SHAHAZAD NIWAZI QURASHI, MOHD SHAHNAWAZ ANSARI, FARRUKH SOBIA, RABINDRA K. BARIK

DOI Number:

DOI:10.5281/zenodo.10223972

Published : 2023-11-23

About the author(s)

1. SHAHAZAD NIWAZI QURASHI - Department of Health Informatics, College of Public Health and Tropical Medicine, Jazan University, Jazan, Jizan, Kingdom of Saudi Arabia.
2. MOHD SHAHNAWAZ ANSARI - Department of Computer Science and Engineering, School of Engineering, Eklavya University, Damoh, (M.P), India.
3. FARRUKH SOBIA - Department of Health Education & Promotion, College of Public Health and Tropical Medicine, Jazan University, Jazan, Jizan, Kingdom of Saudi Arabia.
4. RABINDRA K. BARIK - School of Computer Applications, Kalinga Institute of Industrial Technology, Bhubaneswar, India.

Full Text : PDF

Abstract

Neural networks are composed of many small processors that work simultaneously on the same task.
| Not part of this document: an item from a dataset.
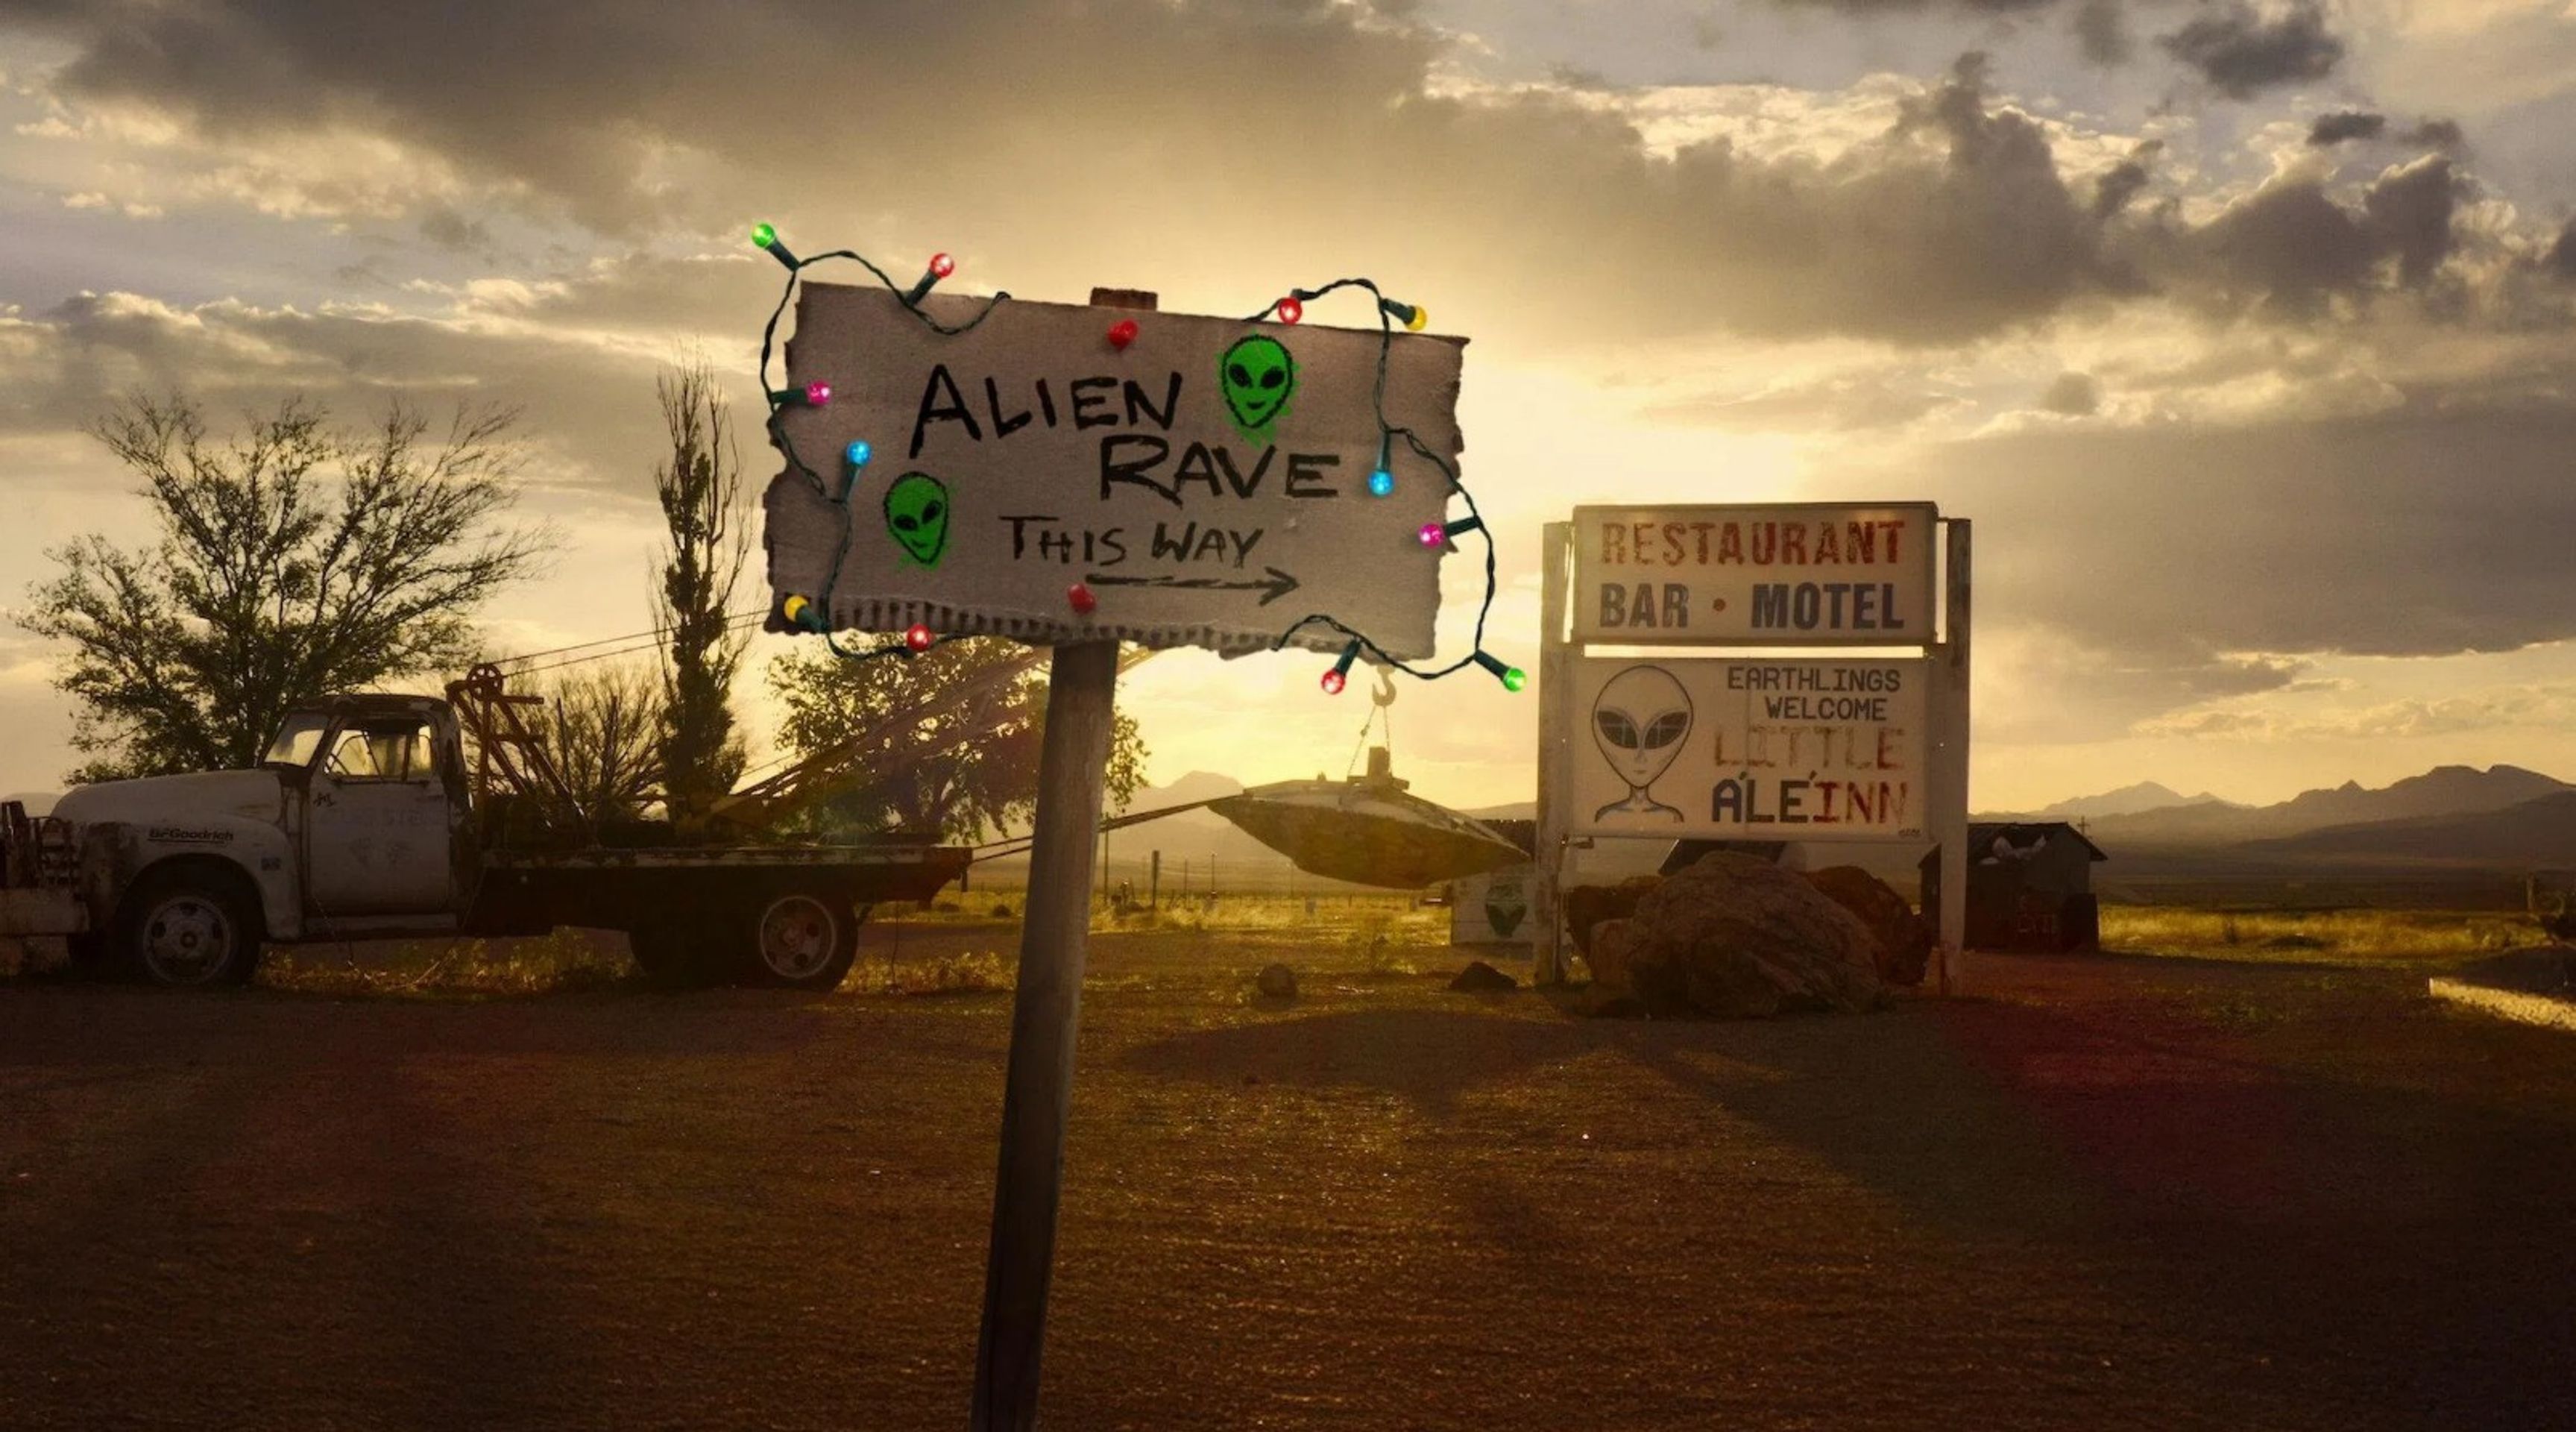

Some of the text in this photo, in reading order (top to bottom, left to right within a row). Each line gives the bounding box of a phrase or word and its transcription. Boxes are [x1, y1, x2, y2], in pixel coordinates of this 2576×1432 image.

They can learn from training data and use their knowledge to compare patterns in a dataset. Combining the strengths of parallel processing and distributed computing, the neural network can enhance the processing times for both the learning and execution stages to efficiently calculate the most probable output with a remarkable degree of accuracy. The aim of this research was to design, implement, and demonstrate the enhanced computational speed of a generalized large-scale neural network with broad-based applications using parallel computing. As a result, we evaluated distributed computing systems and compared the performance of different neural network training functions to determine which one worked best for good system performance. The results indicate that the proposed method outperforms other methods in terms of accuracy and convergence time. The study suggests that parallelism of the backpropagation neural network
model can lead to faster training convergence time and higher accuracy of the results. The system takes input data and runs on different systems in parallel.


Keywords

ANN, Backpropagation, Parallel Processing, Distributed system, MATLAB.